April warns young women, who share their trials with her, to be careful when it comes to dating men especially older ones.  She says, "Don't trust a smiling face.  There are dangerous men in this world."  The mother of six learned the hard way.  After leaving her father's house and going to be with the family friend, the mature gentleman would marry her and then move her out of state. 

April was required to work during her marriage, because despite her husband's education, he had a strike against him--he was a black man trying to work during a time when racial dissension was present between blacks and whites.  He also was one who liked to drink and party just like April's father.  There was an obvious pattern, not only with April, but her siblings as well, most dated older men and many were cheated on.  They basically got their father all over again through the men they dated and eventually married--his good, bad, rich and poor qualities all wrapped up in one! 

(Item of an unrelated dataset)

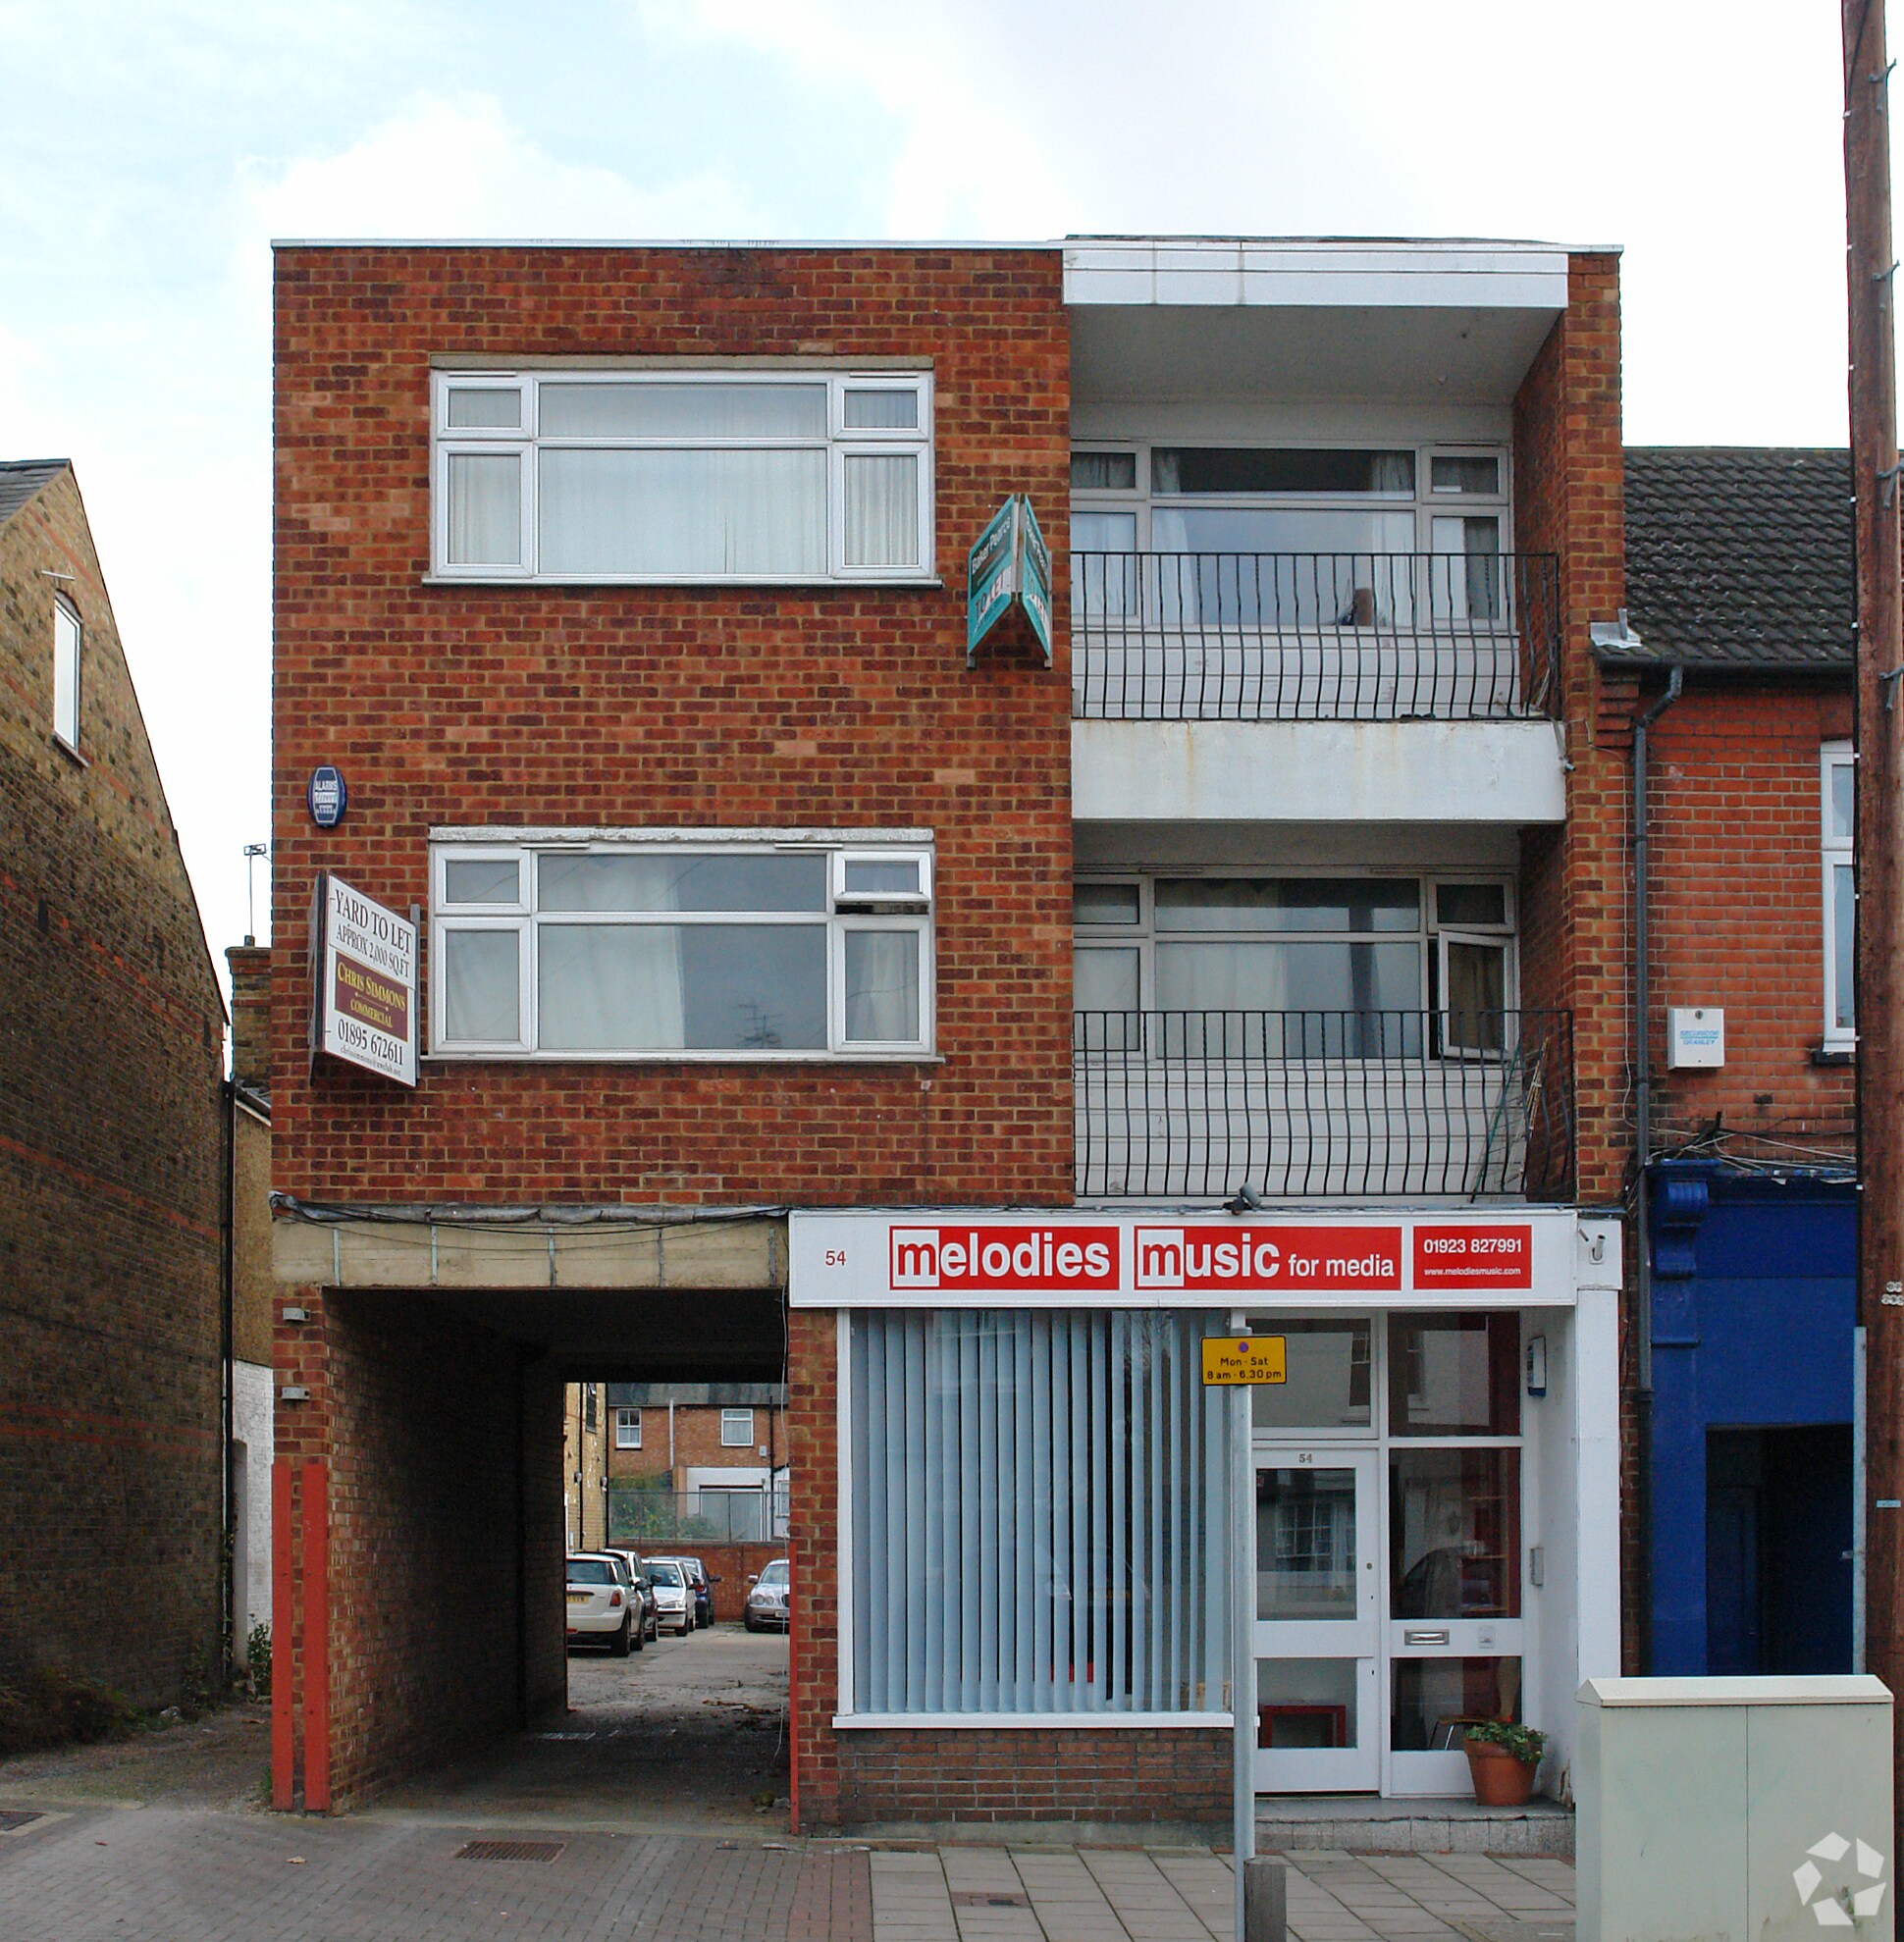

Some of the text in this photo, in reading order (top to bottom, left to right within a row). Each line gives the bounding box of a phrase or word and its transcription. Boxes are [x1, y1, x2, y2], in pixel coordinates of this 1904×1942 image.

April, being an uneducated black woman raising a family from the 1940s to the early 1960s, had her share of challenges as well; therefore, her options for employment were few.  Housecleaning and cooking was what she did for very low wages.  "I didn't have the opportunities back then, that young women have nowadays," April says.  There was no daycare, Internet, an abundance of programs to help the needy, and many households didn't have televisions.  April grew up poor, married into poverty, and then later acquired her personal wealth after her children became adults.

"This is why I tell young people to get an education, so that they don't have to settle for less,"  April advises.  She tells women to put off marriage and having children until you have accomplished personal goals.  There were times in her life she admits, she cried because of the poor decisions she made in life.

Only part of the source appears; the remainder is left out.